CryoPlasty therapy fits into the treatment spectrum before the use of angioplasty and appears to lessen some of the complications seen in that procedure. It also can be used to treat other vessels affected by PAD, including arteries in the thighs and abdomen.
"Previously, amputation was the only option for some people with such advanced disease in arteries below the knee, many of whom are diabetic," said Dr James D Joye, director of the Cardiac Catheterization Lab at El Camino Hospital, Mountain View, Calif., and co-inventor of the CryoPlasty technique. "CryoPlasty is a 'no-harm' treatment that offers early, conservative management and can be used repeatedly - not only avoiding or delaying amputation, but postponing the use of more invasive procedures."

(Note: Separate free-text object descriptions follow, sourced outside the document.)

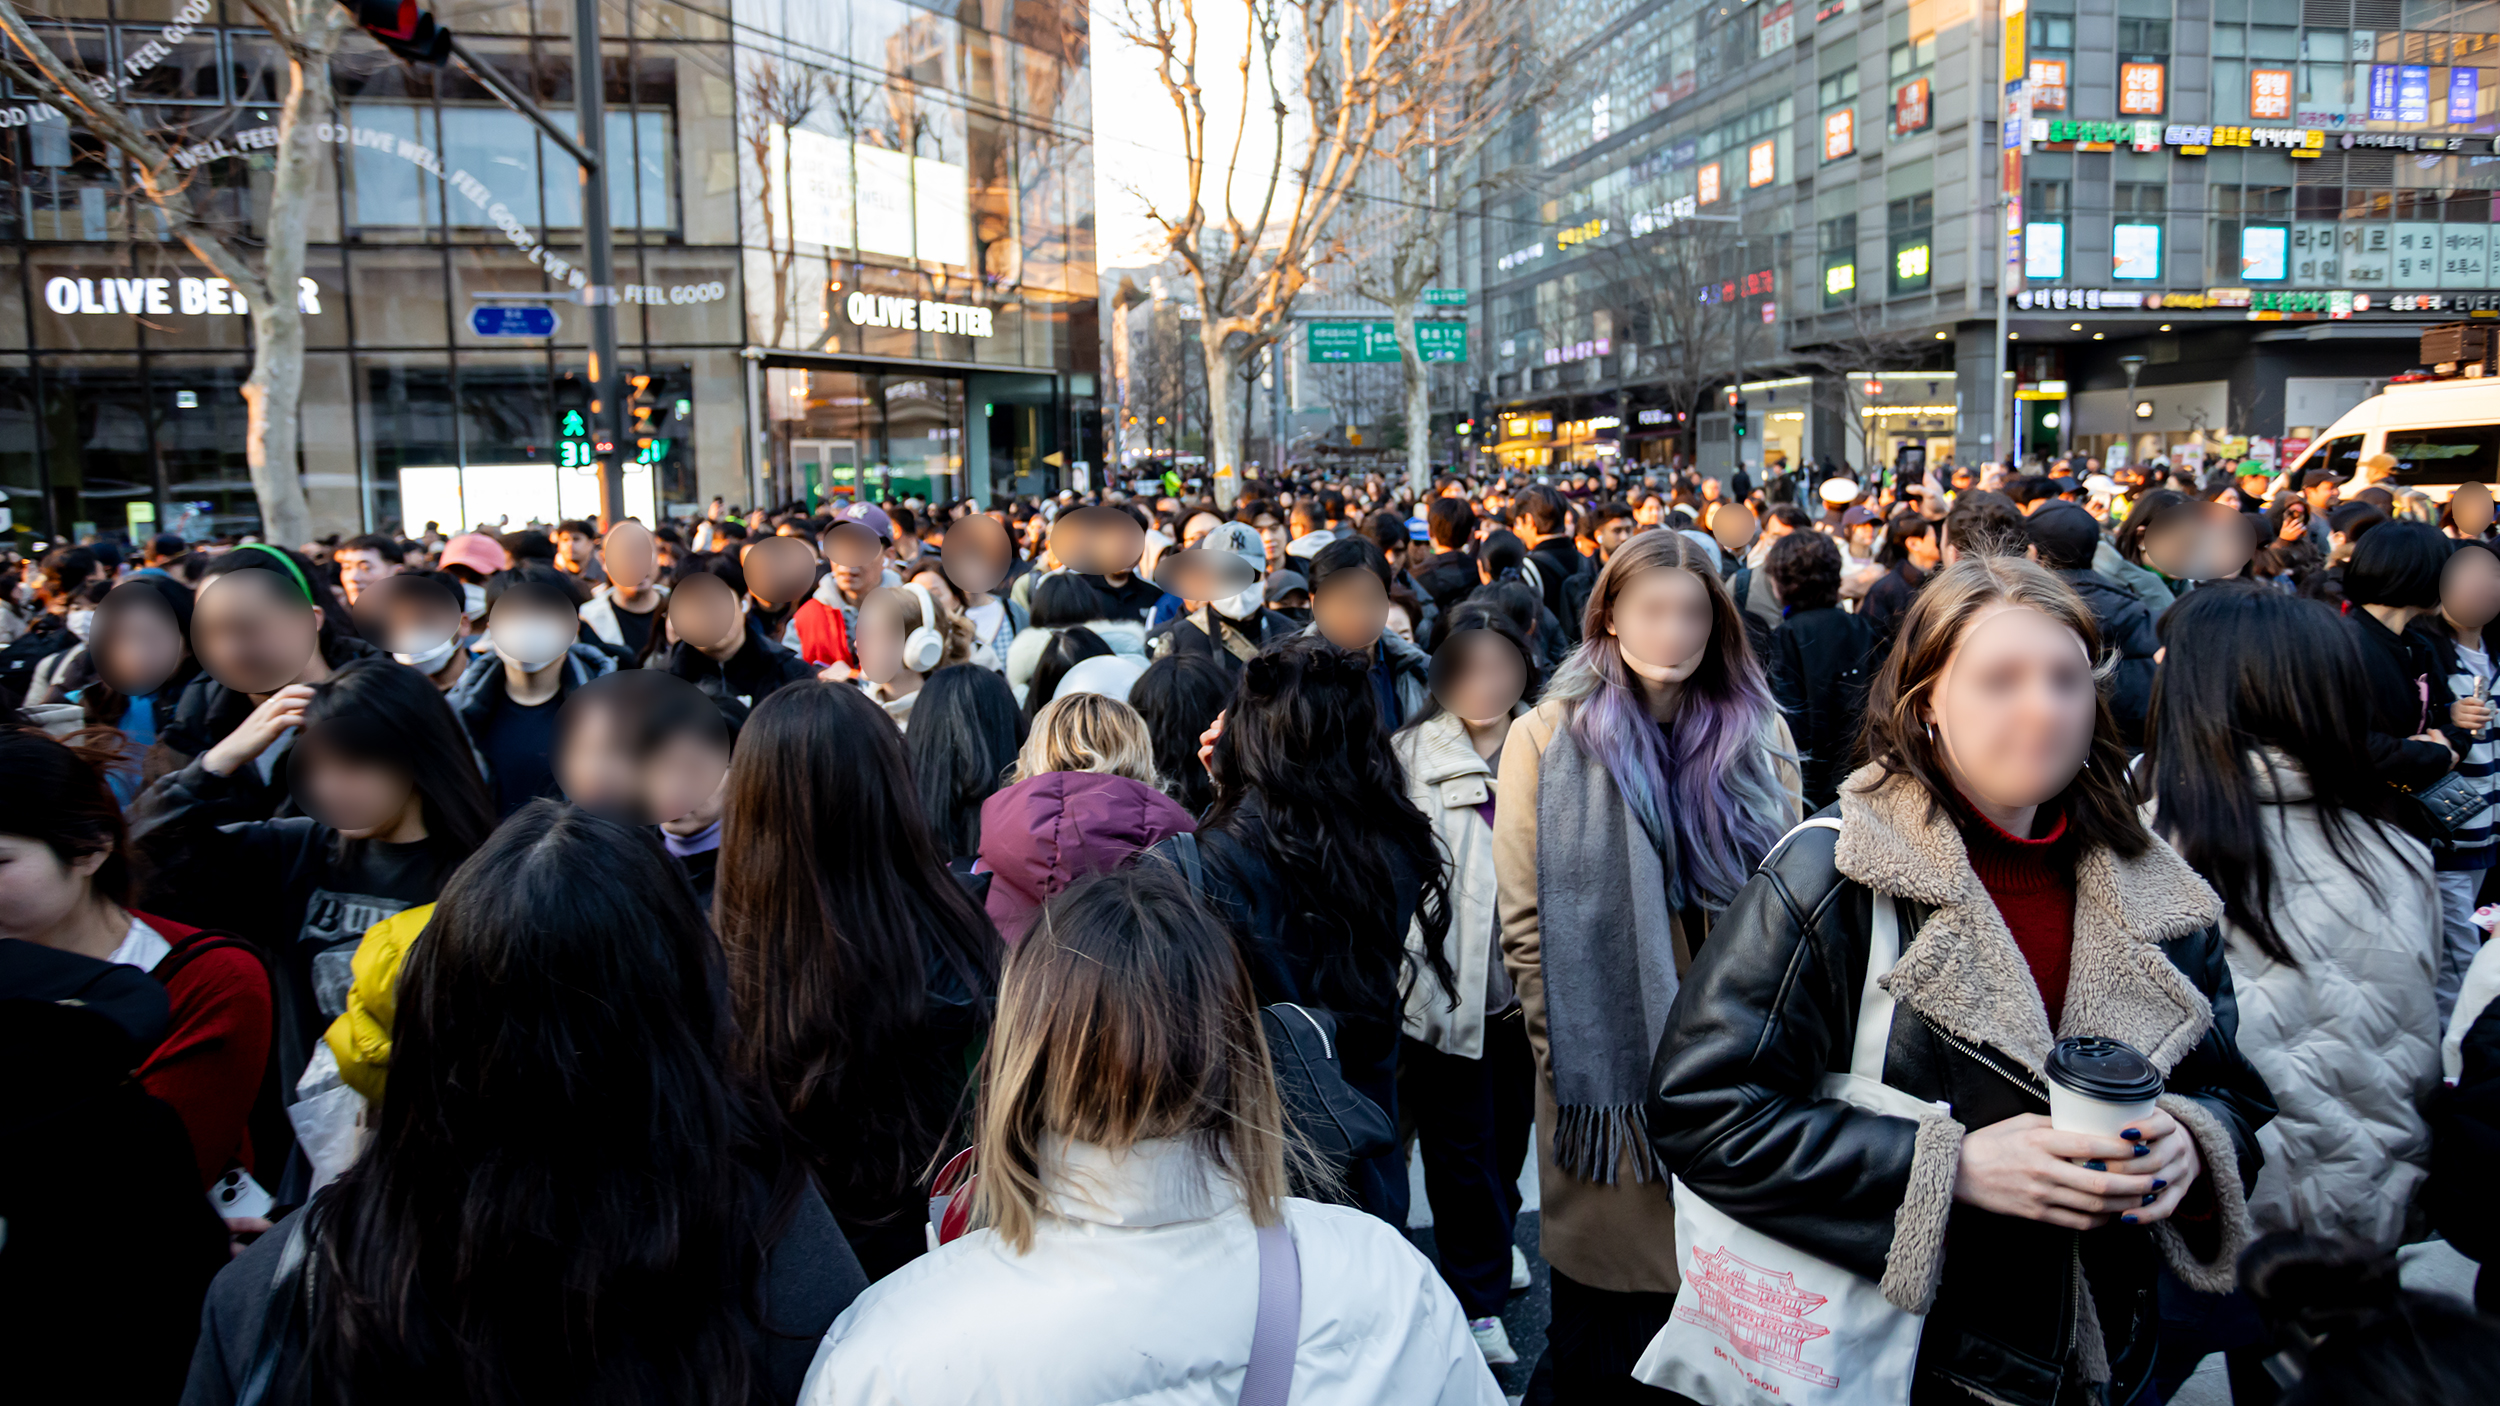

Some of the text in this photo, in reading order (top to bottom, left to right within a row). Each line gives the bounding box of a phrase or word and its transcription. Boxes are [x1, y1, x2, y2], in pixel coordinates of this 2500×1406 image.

[124, 40, 172, 76] FEEL
[2125, 68, 2158, 91] 신경
[2255, 73, 2287, 95] 정형
[2125, 90, 2158, 112] 외과
[2252, 127, 2306, 148] 아카데미
[351, 126, 395, 154] LIVE
[449, 168, 491, 210] FEEL
[624, 284, 668, 306] FEEL
[669, 280, 726, 305] GOOD
[2445, 234, 2484, 251] 레이저
[2443, 258, 2481, 277] 보톡스
[45, 276, 322, 315] OLIVE BER
[2455, 296, 2487, 311] EVE
[847, 291, 994, 338] OLIVE BETTER
[560, 440, 591, 467] 31
[1230, 531, 1246, 549] NY
[1714, 1346, 1728, 1361] Be
[1746, 1372, 1780, 1396] Seoul

The data on 22 patients presented at ISET by Joye are the first results from 'Below the Knee Chill', an ongoing multi-center study at 30 hospitals across the US, which will enroll 100 patients who are likely facing amputation of a foot or leg within six months. All of the patients in the study have critical limb ischemia, meaning they have severely clogged leg arteries, causing extremely poor blood flow. Treatment in all 22 patients resulted in procedural success, meaning artery blockages (stenoses) were 50% or less after CryoPlasty therapy. After treatment, the average blockage was 19%, compared to 87% before treatment. Immediately after the procedure, ankle or toe pulses improved in 17 of 20 patients (85%), meaning blood flow increased. Pulses were not measured in two patients. There were no procedural complications or adverse events. Follow-up is ongoing.
Other data, on 102 patients who received CryoPlasty therapy to treat blocked upper leg or knee arteries, have shown that 83% of the arteries remained opened after nine months. An estimated 60% of blocked blood vessels treated with traditional angioplasty and/or stenting remain open after one year, with 89% of people reported an improvement in leg pain while walking.

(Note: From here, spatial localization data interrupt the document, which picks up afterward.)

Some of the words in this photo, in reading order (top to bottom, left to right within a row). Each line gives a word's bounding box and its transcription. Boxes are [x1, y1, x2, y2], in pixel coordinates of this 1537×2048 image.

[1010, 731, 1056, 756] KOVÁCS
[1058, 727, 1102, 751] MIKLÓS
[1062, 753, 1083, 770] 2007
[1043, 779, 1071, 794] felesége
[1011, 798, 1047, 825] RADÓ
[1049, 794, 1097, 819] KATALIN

In a separate single-center study, 51 people received CryoPlasty therapy for 64 blockages, the majority in the thighs, abdomen or lower legs and follow up ranged from three months to one year. After CryoPlasty therapy, only two of the blockages (3%) required placement of a stent. Placement of a stent after traditional angioplasty has been reported as high as 80% and a majority of the time multiple stents are required. A total of 53% of the patients had critical limb ischemia (CLI), meaning their lower leg arteries were so severely blocked, that they suffered pain in their legs and were at risk of amputation of a foot or leg. To date none of the patients have required amputation. Thirteen (48%) of the CLI patients have been followed for six months, and 11 (86%) say their leg pain has improved dramatically.

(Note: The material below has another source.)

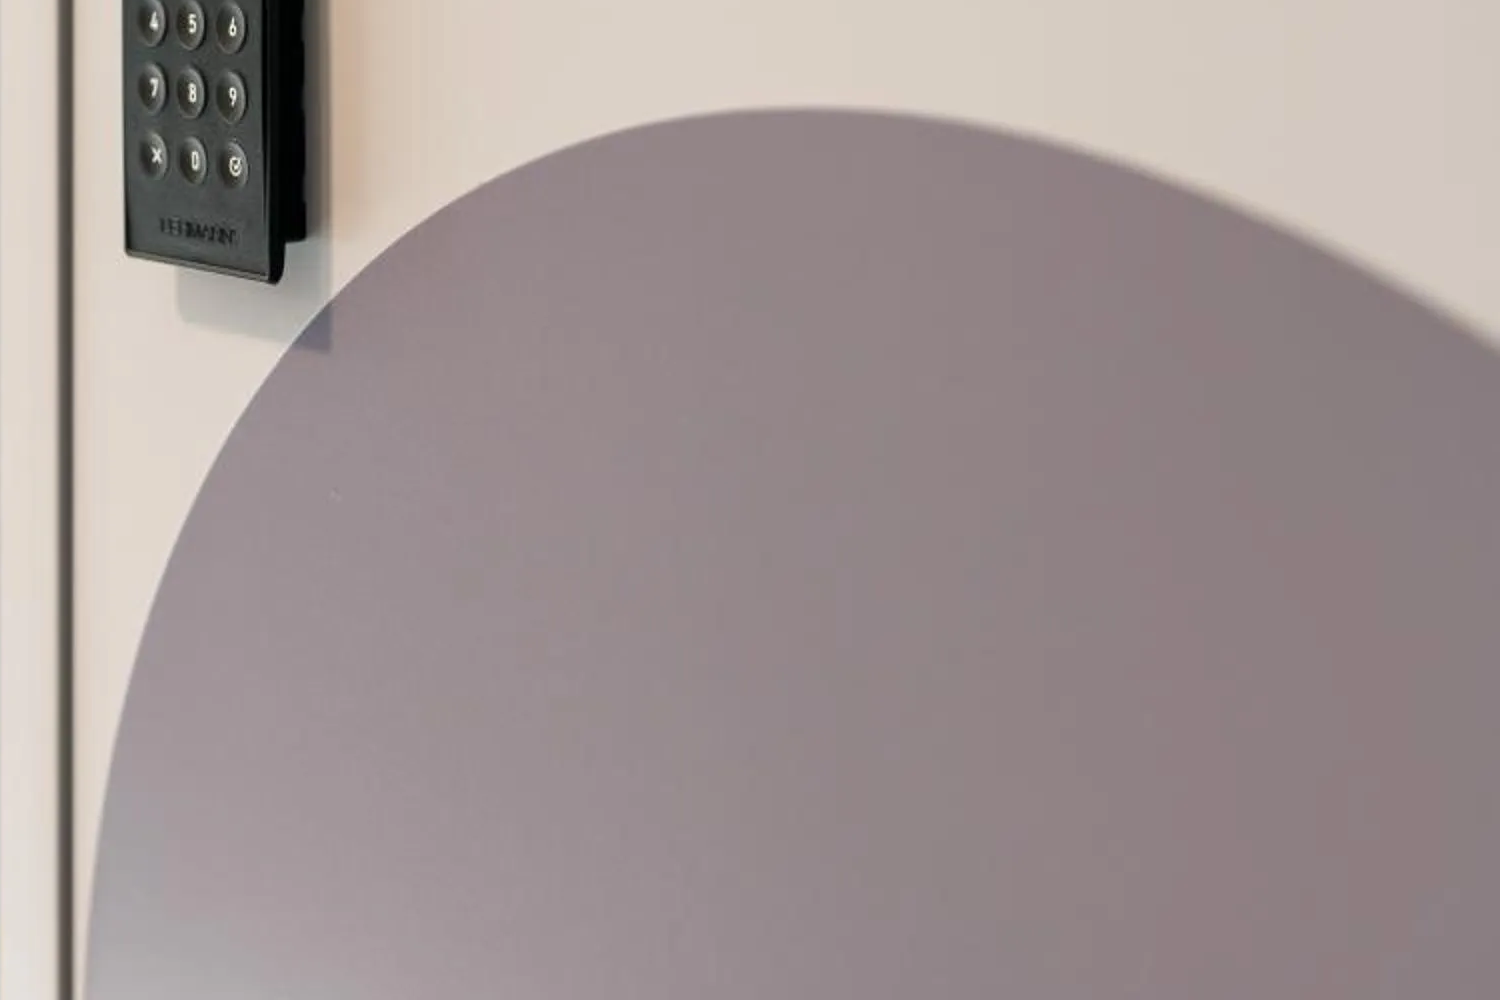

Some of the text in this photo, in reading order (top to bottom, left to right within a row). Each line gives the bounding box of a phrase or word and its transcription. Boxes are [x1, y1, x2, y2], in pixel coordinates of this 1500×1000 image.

[149, 11, 238, 37] 4 5 6
[149, 77, 238, 107] 7 8 9
[191, 150, 200, 171] 0

After CryoPlasty therapy, the overall rate of dissection was 8%, which compares favourably to the dissection rate for angioplasty which ranges from 40% to 70%. CryoPlasty therapy involves the use of nitrous oxide, rather than saline, to inflate the balloon and cool it to
-10°C. This in turn prompts several physical responses that open the artery and cause less scarring than occurs with traditional angioplasty. Repeat procedures for patients treated with standard balloon angioplasty and stent technology of the arteries below the knee are reported to be as high as 85%. The below-the-knee CryoPlasty procedure is performed using one of several new smaller sized catheters, which received clearance from the FDA.
The PolarCath System is a proprietary technology for delivering the CryoPlasty therapy developed by CryoVascular Systems, who has a strategic partnership with Boston Scientific Corporation.